On the other hand, this draft legislation still bans NGT-edited plants from organic farming and requires these edited seeds to be labelled. As a result, companies and other developers will have to register the crops and their characteristics in a public database. These plants can be grown in integrated farming, which uses few or no inputs. Moreover, sustainable agriculture combined with the use of plants derived from NGTs could prove to be environmentally and climate friendly, while guaranteeing good yields at affordable prices for as many consumers as possible.
Unfortunately, change is still a long way off, as it could take several years for the European Parliament and the Council to approve these new regulations on NGTs.
What would be the best regulation for Europe?
If Europe wants to reap the benefits of gene editing and rapidly obtain new varieties, these regulations must not hamper the research of plant breeding scientists through prohibitive costs.

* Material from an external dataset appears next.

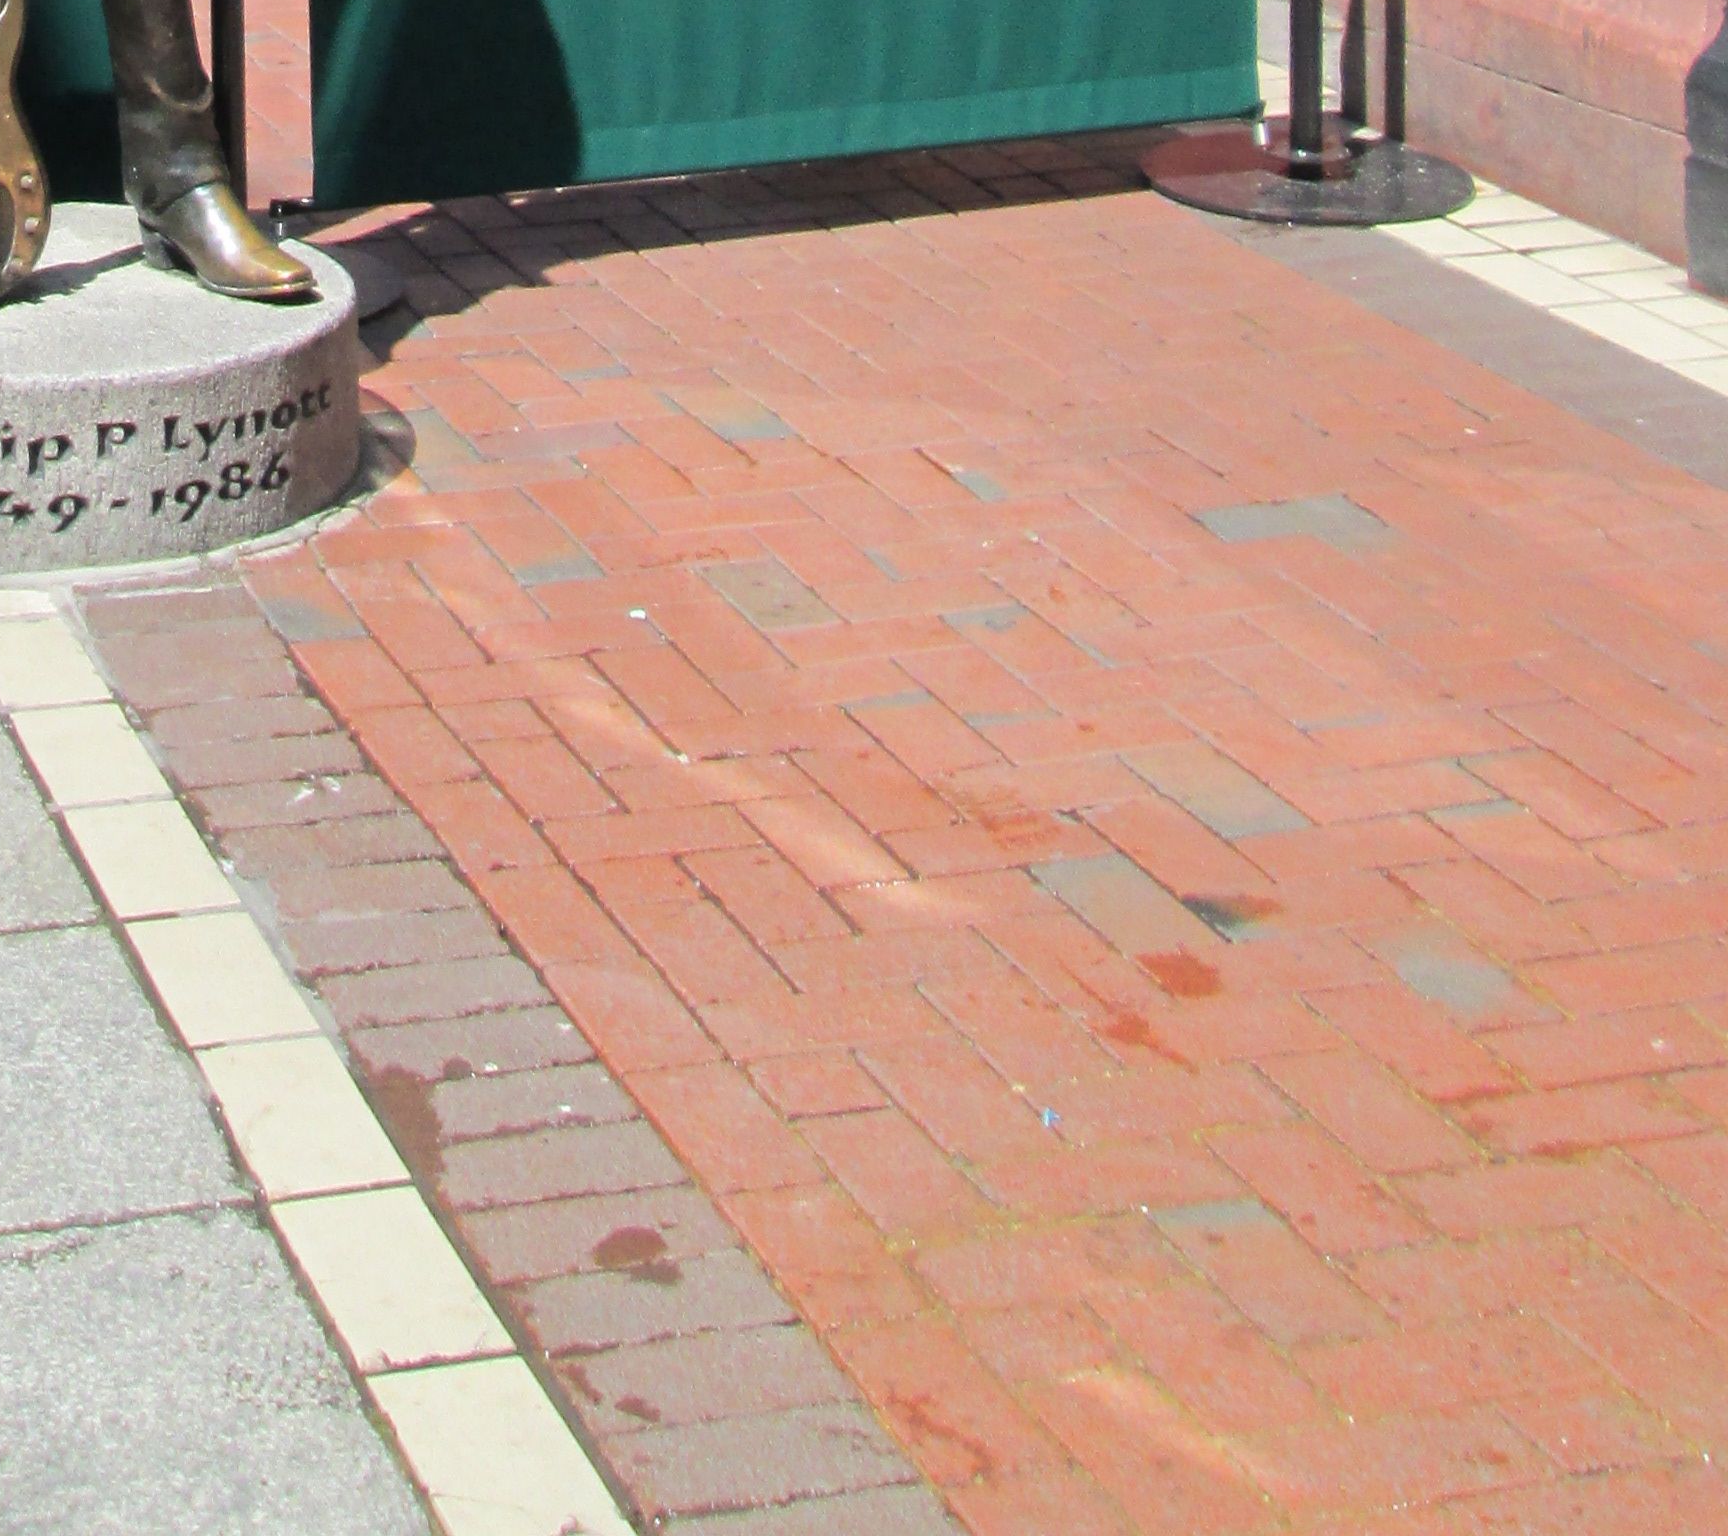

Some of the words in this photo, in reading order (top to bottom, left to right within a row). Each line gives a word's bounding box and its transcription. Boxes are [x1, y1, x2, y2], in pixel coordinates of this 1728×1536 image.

[95, 420, 138, 459] P
[162, 380, 332, 463] Lynott
[149, 452, 291, 524] 1986

Ideally, Europe should have regulations based on the product and not on the technique, as the latter evolves faster than the regulations. Whatever the breeding technique (crossing two plants, grafting, cuttings, radio-induced or chemical mutagenesis, transgenesis or NGT), the end product (the plant and its new trait) would be assessed, as is the case in Canada. The assessment always involves determining the benefits and risks to human or animal health or the environment. Such regulations would make Member States competitive with other countries that already have flexible regulations (USA, Canada, China, etc.) to produce their own plants, adapted to their needs and soil and climate conditions, and to export some of them rather than importing plants or products derived from NGTs.
Pending such effective and flexible product-based regulation, close collaboration should be established between countries conducting field trials and those not allowed to do so, because the freedom of scientists in the public and private sectors must be respected and the originality of their research explored to meet the many challenges. The rules of the game should be the same for all Member States, while protecting research from vandalism. It is imperative to support young innovative companies, keep small and medium-sized enterprises in Europe, ensure that scientists do not relocate their field trials outside Europe and thus avoid a brain drain and job losses in a booming sector.
[1] van Dijk M., Morley T., Rau M.L. et al. (2021). A meta-analysis of projected global food demand and population at risk of hunger for the period 2010–2050.
[2] CRISPR (clustered regularly interspaced short palindromic repeats; Talen (transcription activator-like effector nuclease), ZFN (zinc-finger nuclease)
[3] Ricroch A., Martin-Laffon J., B. Rault, V. C. Pallares & Kuntz M. (2021). Next biotech plants: new traits, crops, developers, and technologies for addressing global challenges.
[4] The Crop Transformation and Genome Editing platform (Biotechnology Resources for Arable Crop Transformation) at the John Innes Centre (UK); at the Heinrich-Heine University (DE); Vlaams Instituut voor Biotechnologie of the University of Gent (BE): to name but a few of the pioneering institutes in Europe.
[5] Ricroch A., CRISPR Processes Patents in Green Biotechnology: Collaborative Licensing Models.
[6] Menz J., Modrzejewski D., Hartung F., Wilhelm R. and Sprink T. (2020). Genome Edited Crops Touch the Market: A View on the Global Development and Regulatory Environment.